Reproduce every line of the material below exactly. No pictures belong in the copy.

·····

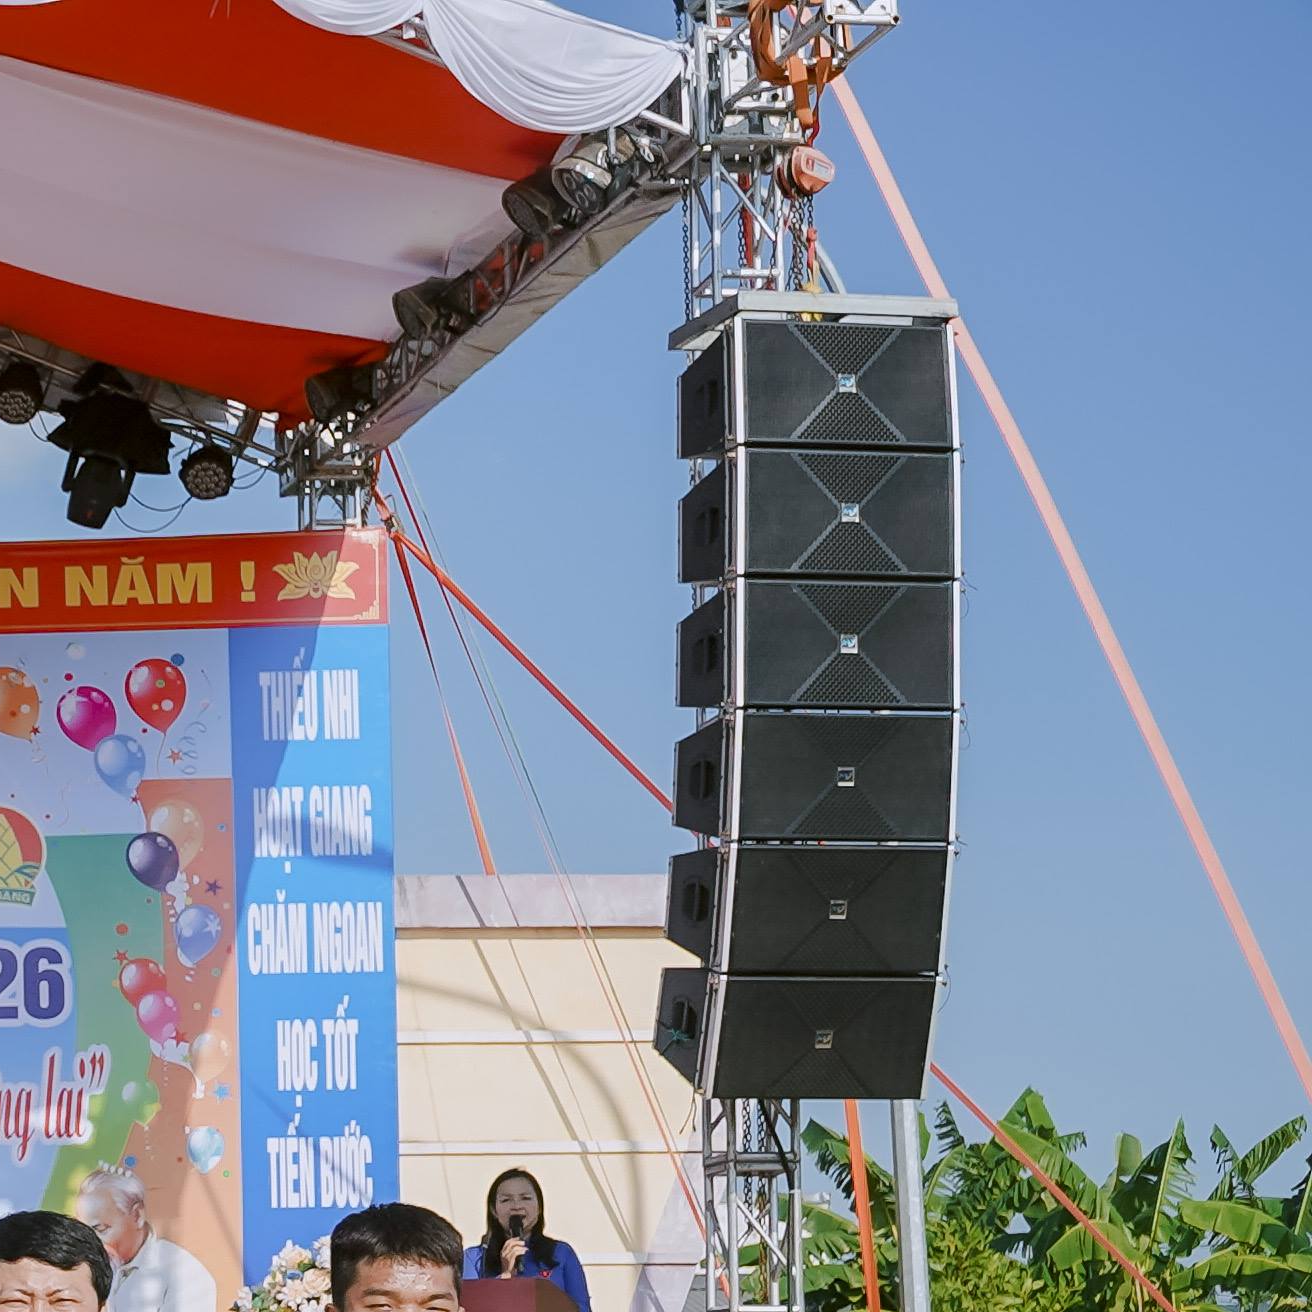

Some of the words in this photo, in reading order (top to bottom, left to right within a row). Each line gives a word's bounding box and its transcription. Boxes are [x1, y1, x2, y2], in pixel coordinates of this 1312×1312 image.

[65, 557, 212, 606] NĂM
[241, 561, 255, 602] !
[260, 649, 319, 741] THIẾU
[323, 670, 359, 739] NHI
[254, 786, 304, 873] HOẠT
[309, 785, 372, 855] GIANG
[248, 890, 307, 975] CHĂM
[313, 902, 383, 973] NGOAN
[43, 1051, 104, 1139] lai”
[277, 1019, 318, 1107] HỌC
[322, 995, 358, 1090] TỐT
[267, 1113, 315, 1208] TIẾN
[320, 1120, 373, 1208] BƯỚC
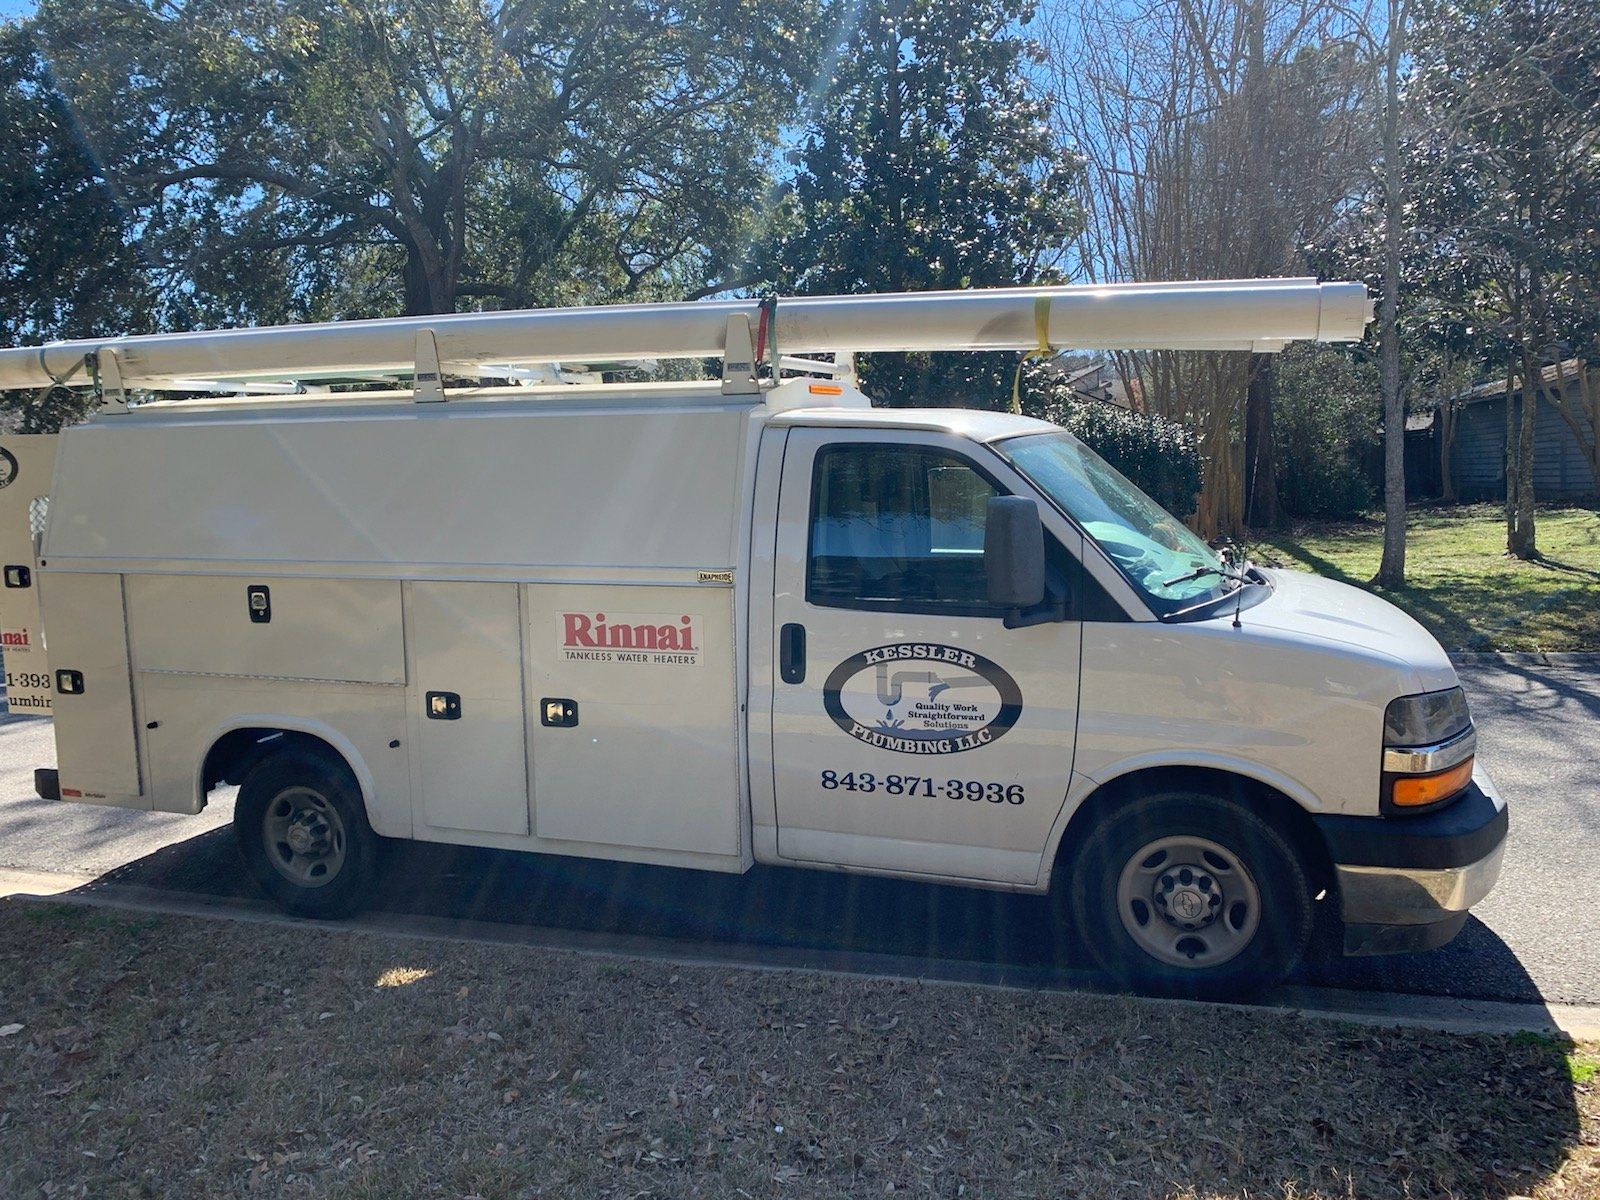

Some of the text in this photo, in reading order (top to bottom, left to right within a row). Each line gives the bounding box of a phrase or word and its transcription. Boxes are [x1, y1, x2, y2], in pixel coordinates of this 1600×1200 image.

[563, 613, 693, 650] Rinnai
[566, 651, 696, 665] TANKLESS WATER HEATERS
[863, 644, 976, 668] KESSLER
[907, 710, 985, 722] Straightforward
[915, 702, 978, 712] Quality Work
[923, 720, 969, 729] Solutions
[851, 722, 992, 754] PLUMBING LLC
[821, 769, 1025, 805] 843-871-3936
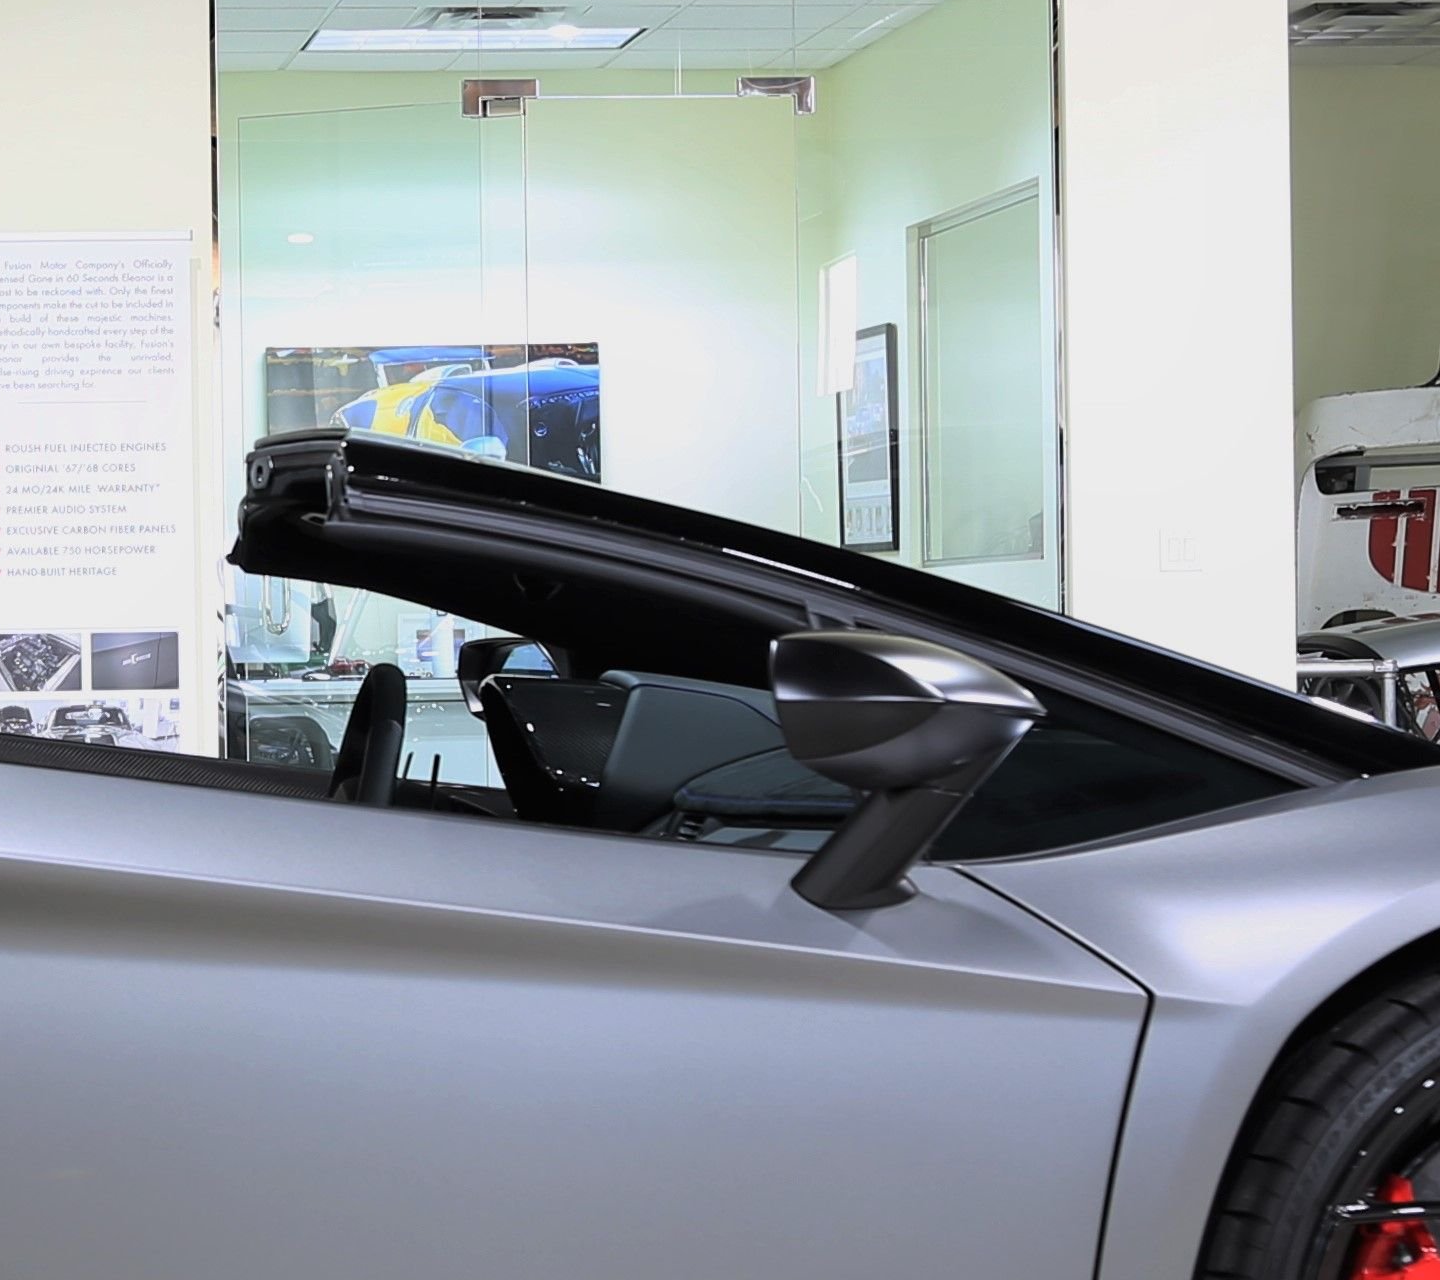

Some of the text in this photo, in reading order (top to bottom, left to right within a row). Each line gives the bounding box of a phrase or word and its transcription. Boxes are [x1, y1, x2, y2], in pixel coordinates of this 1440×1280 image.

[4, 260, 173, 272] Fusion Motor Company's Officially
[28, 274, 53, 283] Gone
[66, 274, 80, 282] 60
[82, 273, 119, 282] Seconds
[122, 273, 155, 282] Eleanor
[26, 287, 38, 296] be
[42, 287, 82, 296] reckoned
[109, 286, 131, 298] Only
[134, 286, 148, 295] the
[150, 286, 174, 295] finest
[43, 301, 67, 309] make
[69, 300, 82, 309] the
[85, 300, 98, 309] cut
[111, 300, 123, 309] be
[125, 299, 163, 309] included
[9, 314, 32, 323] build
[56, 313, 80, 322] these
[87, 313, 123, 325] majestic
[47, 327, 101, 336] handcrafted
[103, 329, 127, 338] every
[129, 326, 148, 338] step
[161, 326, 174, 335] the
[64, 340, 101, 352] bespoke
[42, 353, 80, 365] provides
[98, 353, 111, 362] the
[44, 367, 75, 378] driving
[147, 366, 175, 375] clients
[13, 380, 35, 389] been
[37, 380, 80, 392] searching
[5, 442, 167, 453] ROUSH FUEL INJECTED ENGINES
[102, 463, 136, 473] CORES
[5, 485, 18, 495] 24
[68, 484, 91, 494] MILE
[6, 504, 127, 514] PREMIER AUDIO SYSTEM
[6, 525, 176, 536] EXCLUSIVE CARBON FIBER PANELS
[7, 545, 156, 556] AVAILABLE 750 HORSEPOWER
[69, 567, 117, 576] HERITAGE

·····

* **Reply to the exercise**
Some of the words in this photo, in reading order (top to bottom, left to right within a row). Each line gives a word's bounding box and its transcription. Boxes are [x1, y1, x2, y2], in pixel coordinates of this 1312×1312 image.

[65, 557, 212, 606] NĂM
[241, 561, 255, 602] !
[260, 649, 319, 741] THIẾU
[323, 670, 359, 739] NHI
[254, 786, 304, 873] HOẠT
[309, 785, 372, 855] GIANG
[248, 890, 307, 975] CHĂM
[313, 902, 383, 973] NGOAN
[43, 1051, 104, 1139] lai”
[277, 1019, 318, 1107] HỌC
[322, 995, 358, 1090] TỐT
[267, 1113, 315, 1208] TIẾN
[320, 1120, 373, 1208] BƯỚC

Some of the text in this photo, in reading order (top to bottom, left to right within a row). Each line gives the bounding box of a phrase or word and its transcription. Boxes are [x1, y1, x2, y2], in pixel coordinates of this 1600×1200 image.

[563, 613, 693, 650] Rinnai
[566, 651, 696, 665] TANKLESS WATER HEATERS
[863, 644, 976, 668] KESSLER
[907, 710, 985, 722] Straightforward
[915, 702, 978, 712] Quality Work
[923, 720, 969, 729] Solutions
[851, 722, 992, 754] PLUMBING LLC
[821, 769, 1025, 805] 843-871-3936

Some of the text in this photo, in reading order (top to bottom, left to right within a row). Each line gives the bounding box of a phrase or word and its transcription. Boxes are [x1, y1, x2, y2], in pixel coordinates of this 1440×1280 image.

[4, 260, 173, 272] Fusion Motor Company's Officially
[28, 274, 53, 283] Gone
[66, 274, 80, 282] 60
[82, 273, 119, 282] Seconds
[122, 273, 155, 282] Eleanor
[26, 287, 38, 296] be
[42, 287, 82, 296] reckoned
[109, 286, 131, 298] Only
[134, 286, 148, 295] the
[150, 286, 174, 295] finest
[43, 301, 67, 309] make
[69, 300, 82, 309] the
[85, 300, 98, 309] cut
[111, 300, 123, 309] be
[125, 299, 163, 309] included
[9, 314, 32, 323] build
[56, 313, 80, 322] these
[87, 313, 123, 325] majestic
[47, 327, 101, 336] handcrafted
[103, 329, 127, 338] every
[129, 326, 148, 338] step
[161, 326, 174, 335] the
[64, 340, 101, 352] bespoke
[42, 353, 80, 365] provides
[98, 353, 111, 362] the
[44, 367, 75, 378] driving
[147, 366, 175, 375] clients
[13, 380, 35, 389] been
[37, 380, 80, 392] searching
[5, 442, 167, 453] ROUSH FUEL INJECTED ENGINES
[102, 463, 136, 473] CORES
[5, 485, 18, 495] 24
[68, 484, 91, 494] MILE
[6, 504, 127, 514] PREMIER AUDIO SYSTEM
[6, 525, 176, 536] EXCLUSIVE CARBON FIBER PANELS
[7, 545, 156, 556] AVAILABLE 750 HORSEPOWER
[69, 567, 117, 576] HERITAGE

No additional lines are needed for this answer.